### What to do
Transcribe the records below in full; pictures stay out of the copy.

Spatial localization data
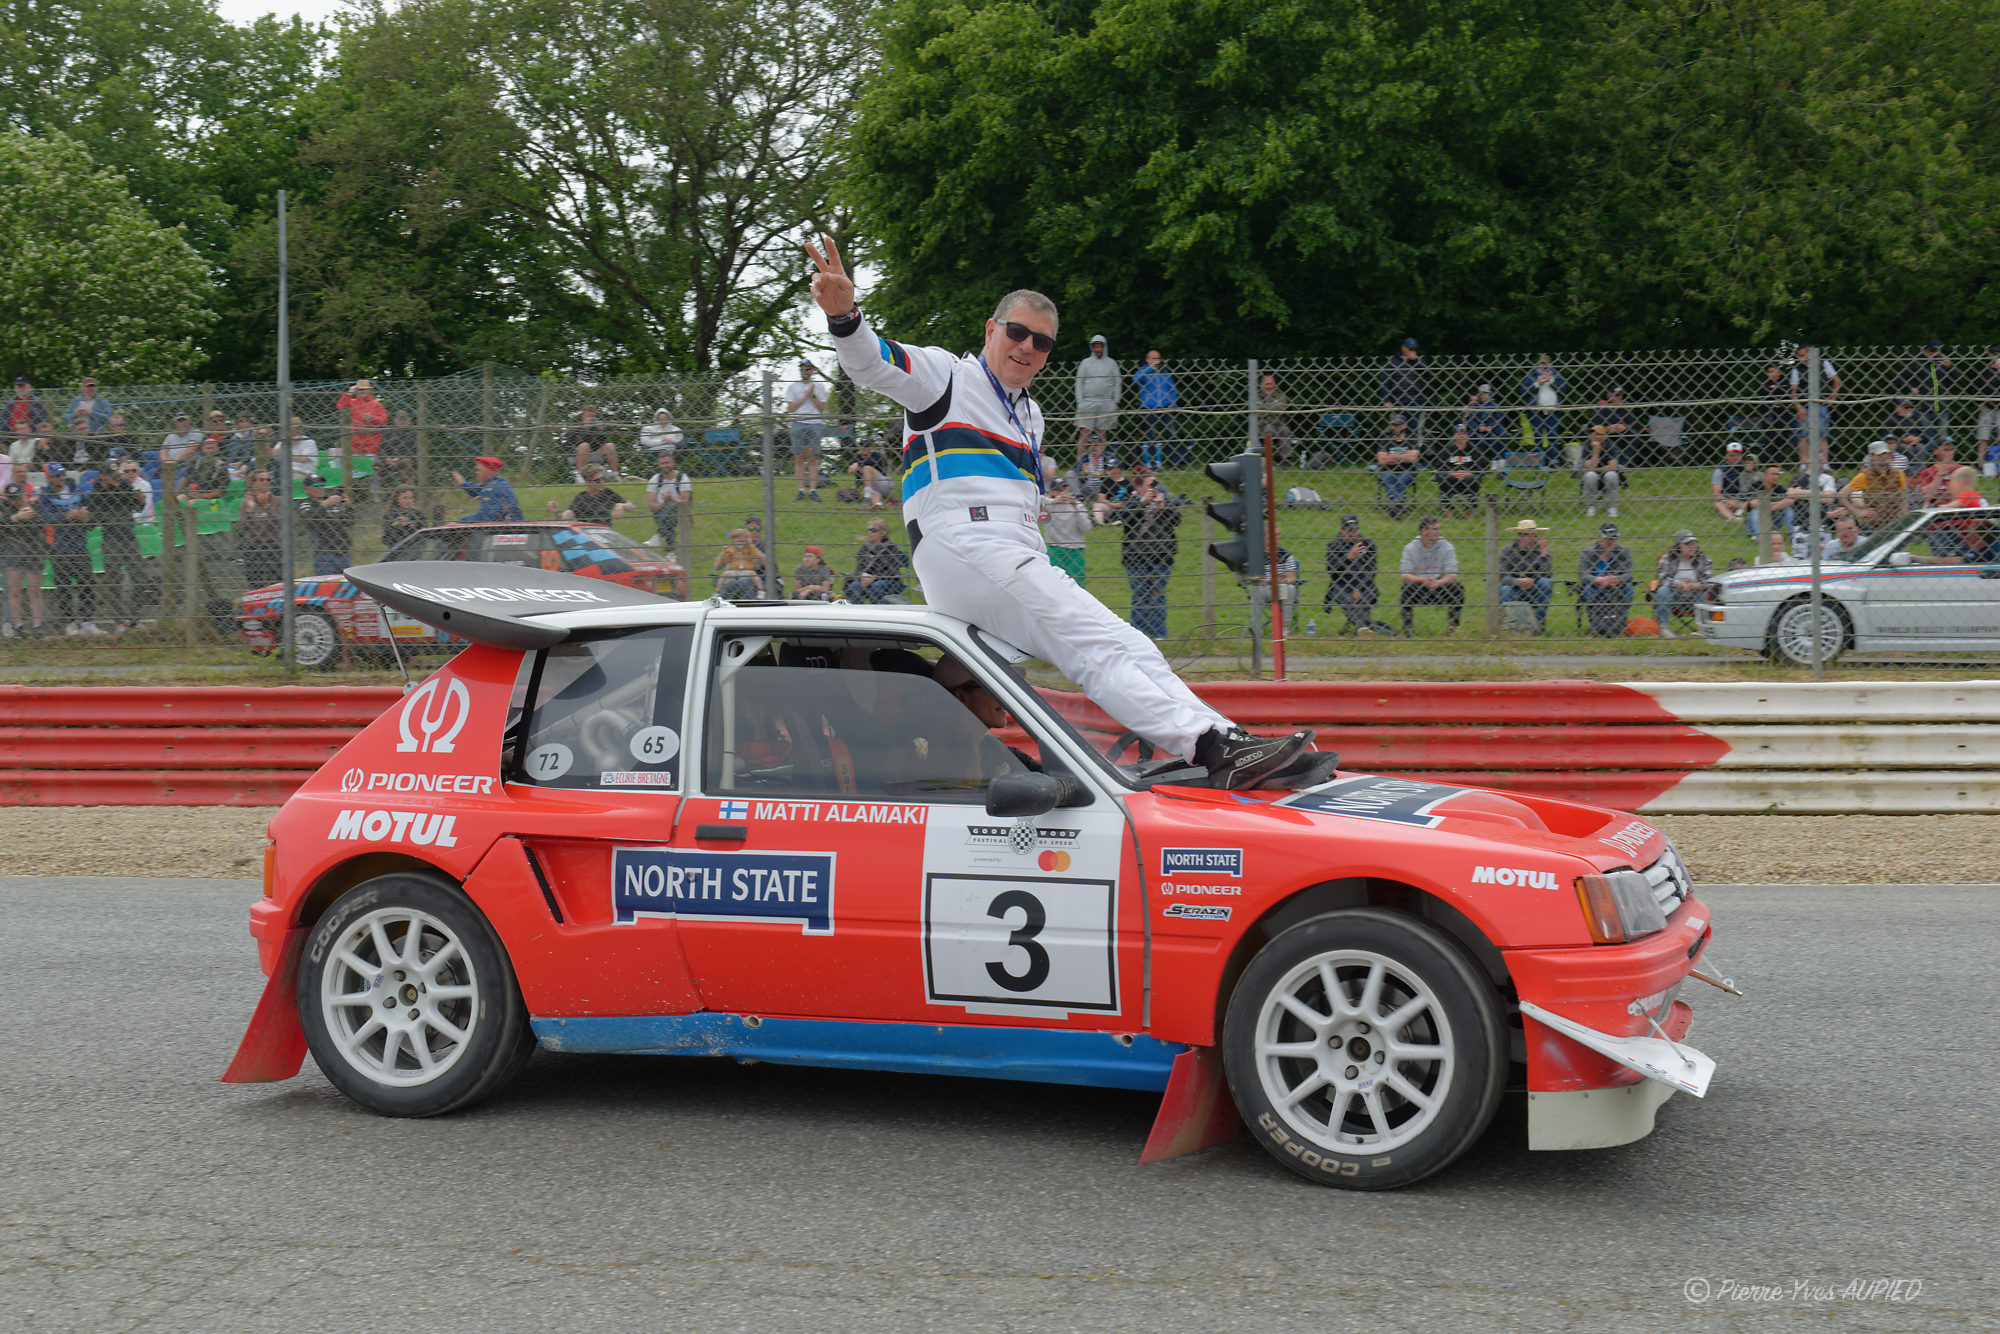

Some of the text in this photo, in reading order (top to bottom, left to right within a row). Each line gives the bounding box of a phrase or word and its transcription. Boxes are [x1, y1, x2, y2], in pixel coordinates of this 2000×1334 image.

[434, 587, 610, 603] PIONEER
[643, 736, 665, 754] 65
[539, 752, 559, 771] 72
[367, 773, 493, 794] PIONEER
[615, 773, 670, 784] ECURIE BRETAGNE
[754, 802, 926, 825] MATTI ALAMAKI
[327, 810, 458, 847] MOTUL
[1166, 854, 1237, 867] NORTH STATE
[624, 864, 818, 903] NORTH STATE
[1471, 866, 1560, 890] MOTUL
[1175, 884, 1242, 895] PIONEER
[1166, 905, 1230, 920] SERAZIN
[984, 889, 1051, 993] 3
[1258, 1112, 1361, 1177] COOPER

### Solution to the exercise
Some of the text in this photo, in reading order (top to bottom, left to right within a row). Each line gives the bounding box of a phrase or word and its transcription. Boxes are [x1, y1, x2, y2], in pixel coordinates of this 2000×1334 image.

[434, 587, 610, 603] PIONEER
[643, 736, 665, 754] 65
[539, 752, 559, 771] 72
[367, 773, 493, 794] PIONEER
[615, 773, 670, 784] ECURIE BRETAGNE
[754, 802, 926, 825] MATTI ALAMAKI
[327, 810, 458, 847] MOTUL
[1166, 854, 1237, 867] NORTH STATE
[624, 864, 818, 903] NORTH STATE
[1471, 866, 1560, 890] MOTUL
[1175, 884, 1242, 895] PIONEER
[1166, 905, 1230, 920] SERAZIN
[984, 889, 1051, 993] 3
[1258, 1112, 1361, 1177] COOPER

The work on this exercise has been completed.